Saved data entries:

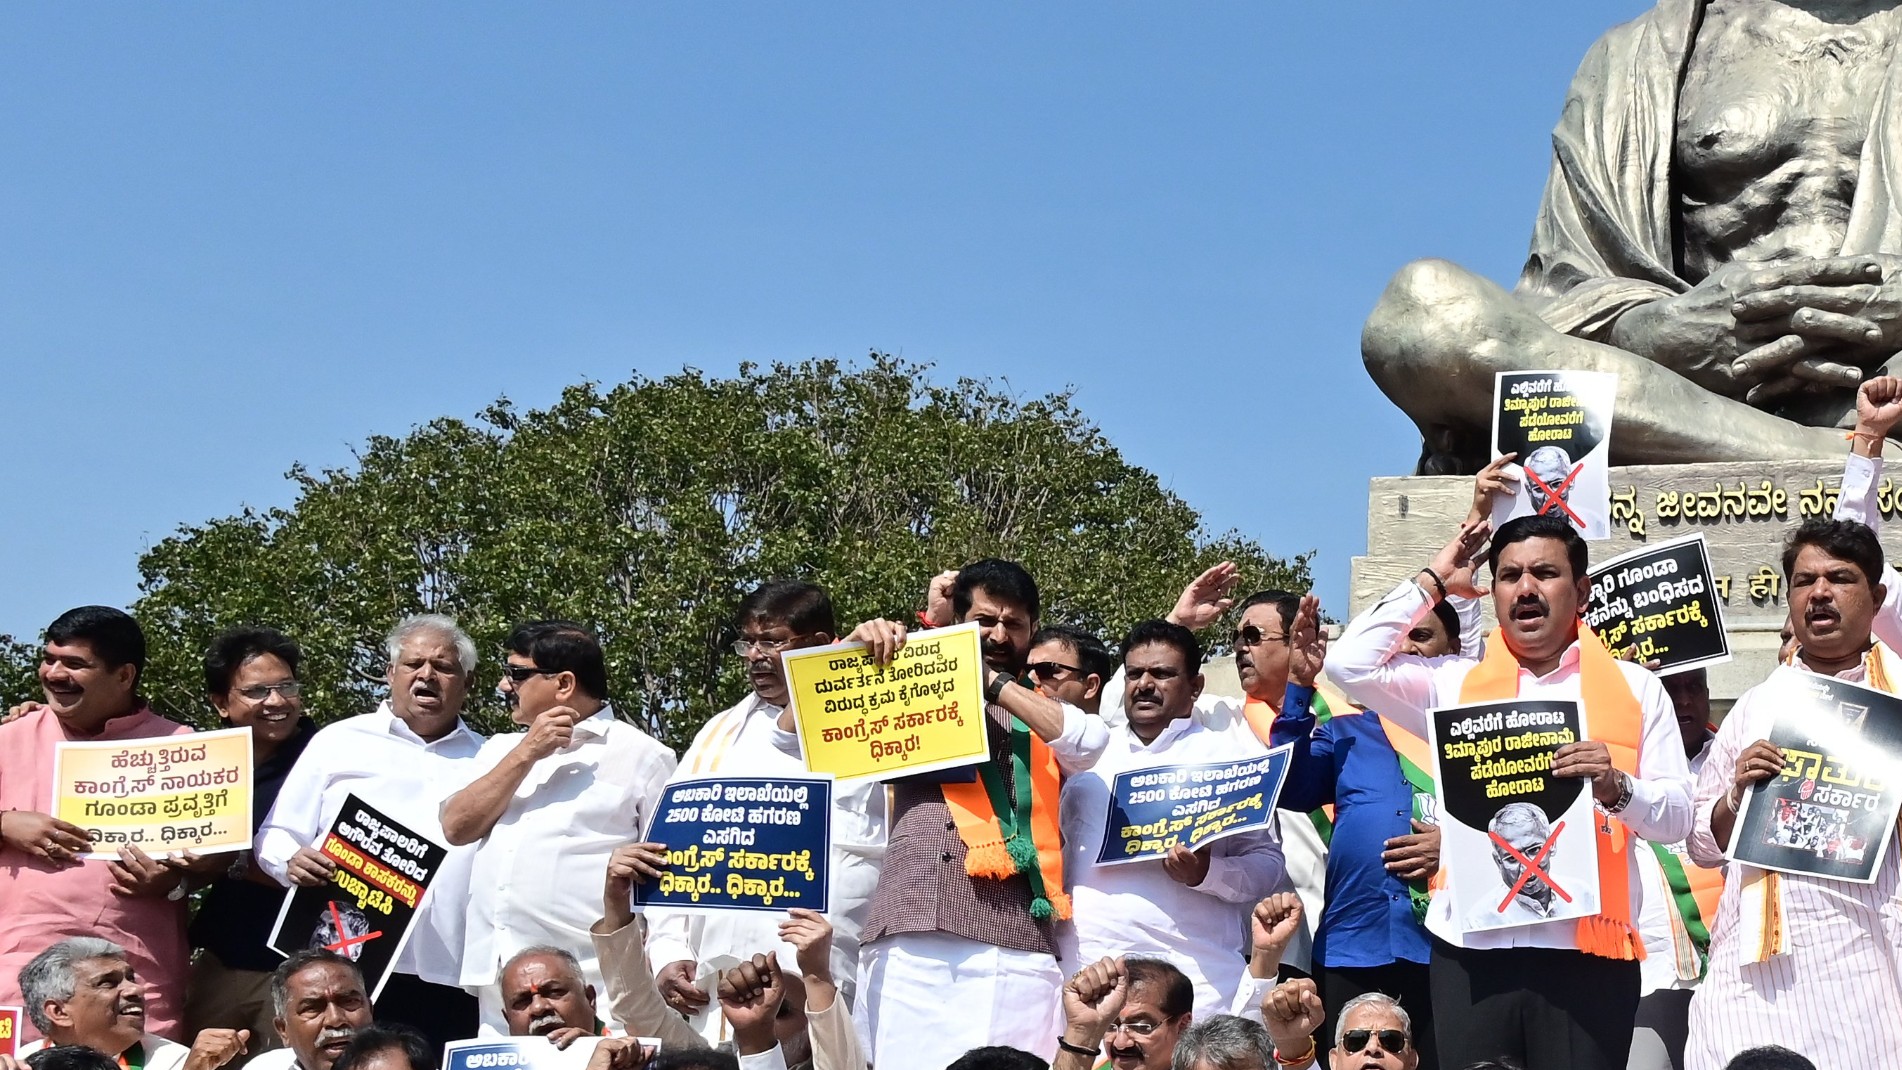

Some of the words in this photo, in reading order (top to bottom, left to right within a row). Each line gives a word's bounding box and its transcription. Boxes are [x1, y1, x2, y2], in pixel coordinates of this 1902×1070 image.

[1655, 480, 1788, 518] ಜೀವನವೇ
[1617, 558, 1678, 587] ಗೂಂಡಾ
[1633, 574, 1704, 609] ಬಂಧಿಸದ
[821, 716, 889, 743] ಕಾಂಗ್ರೆಸ್
[1505, 710, 1565, 728] ಹೋರಾಟ
[74, 775, 155, 798] ಕಾಂಗ್ರೆಸ್
[161, 766, 239, 791] ನಾಯಕರ
[1486, 776, 1545, 799] ಹೋರಾಟ
[1128, 788, 1165, 805] 2500
[85, 800, 156, 817] ಗೂಂಡಾ
[665, 807, 699, 823] 2500
[701, 804, 744, 823] ಕೋಟಿ
[703, 827, 755, 846] ಎಸಗಿದ

WHAT THIS TASK INVOLVES:
Every entry should be repeated verbatim, with the pictures left out.

RESPONSE BOX:
Some of the words in this photo, in reading order (top to bottom, left to right within a row). Each line gives a word's bounding box and its transcription. Boxes are [x1, y1, x2, y2], in pixel coordinates of this 1902×1070 image.

[1655, 480, 1788, 518] ಜೀವನವೇ
[1617, 558, 1678, 587] ಗೂಂಡಾ
[1633, 574, 1704, 609] ಬಂಧಿಸದ
[821, 716, 889, 743] ಕಾಂಗ್ರೆಸ್
[1505, 710, 1565, 728] ಹೋರಾಟ
[74, 775, 155, 798] ಕಾಂಗ್ರೆಸ್
[161, 766, 239, 791] ನಾಯಕರ
[1486, 776, 1545, 799] ಹೋರಾಟ
[1128, 788, 1165, 805] 2500
[85, 800, 156, 817] ಗೂಂಡಾ
[665, 807, 699, 823] 2500
[701, 804, 744, 823] ಕೋಟಿ
[703, 827, 755, 846] ಎಸಗಿದ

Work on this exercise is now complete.